Pour Éric Megalos-Dima, la Sodeca ne peut pas pomper sans courant. L’État pourrait garantir l’eau en installant des groupes électrogènes adaptés et fiables.
Selon le Directeur Général, La Sodeca distribue l’eau à Bangui en utilisant un système dit de refoulement direct. L’eau captée au bord de la rivière Oubangui est traitée puis envoyée directement vers les abonnés à l’aide de pompes électriques. Sans électricité, ces pompes s’arrêtent, et l’eau cesse de circuler immédiatement.

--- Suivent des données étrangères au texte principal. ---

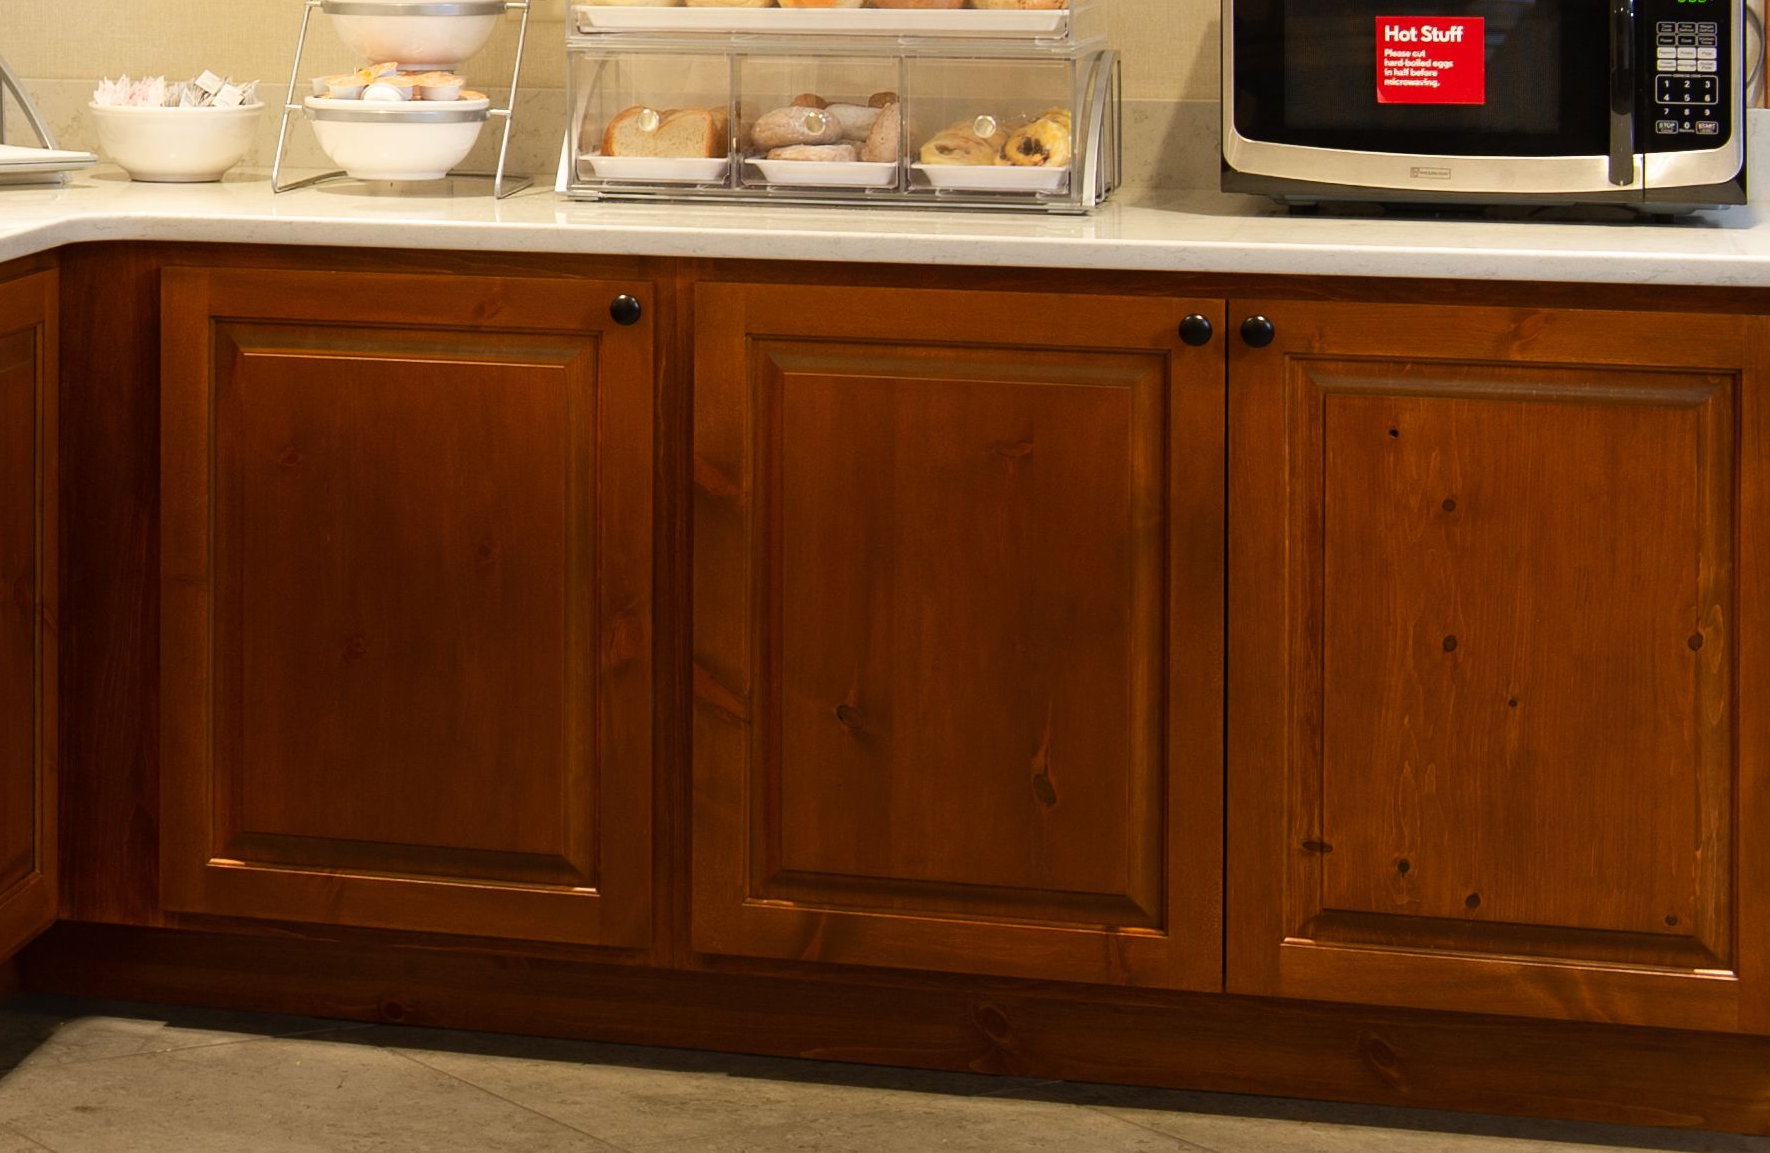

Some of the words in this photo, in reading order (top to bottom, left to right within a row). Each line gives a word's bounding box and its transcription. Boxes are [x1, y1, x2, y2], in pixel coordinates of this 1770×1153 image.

Ce choix technique, hérité de la période de construction initiale du réseau en 1975, rend la distribution totalement dépendante du réseau public d’électricité géré par l’ENERCA.

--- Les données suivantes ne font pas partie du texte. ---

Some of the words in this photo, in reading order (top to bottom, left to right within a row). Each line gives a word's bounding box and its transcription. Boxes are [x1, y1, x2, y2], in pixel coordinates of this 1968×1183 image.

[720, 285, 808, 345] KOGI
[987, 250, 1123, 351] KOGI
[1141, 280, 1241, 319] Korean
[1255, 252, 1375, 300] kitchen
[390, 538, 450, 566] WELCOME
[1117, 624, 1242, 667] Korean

Dans plusieurs secteurs comme les télécommunications, les sociétés comme la Télécel ou Orange Centrafrique utilisent des groupes électrogènes de 500 kVA pour garantir l’alimentation continue en cas de coupure. La même logique peut s’appliquer à la Sodeca. Deux groupes électrogènes de cette capacité suffiraient à faire fonctionner plusieurs pompes, permettant d’alimenter les quartiers tour à tour pendant les interruptions du courant.
L’État dispose des moyens financiers pour acquérir ces équipements. Un groupe industriel de 500 kVA coûte entre 250 et 300 millions FCFA. Installer deux ou trois groupes représente un investissement accessible, surtout si on considère les dépenses répétées liées aux réparations d’urgence et aux interruptions constantes. Au-delà de l’achat, le carburant, l’entretien et la sécurité doivent être planifiés, mais ces aspects peuvent être intégrés dans le budget national ou soutenus par des partenaires techniques.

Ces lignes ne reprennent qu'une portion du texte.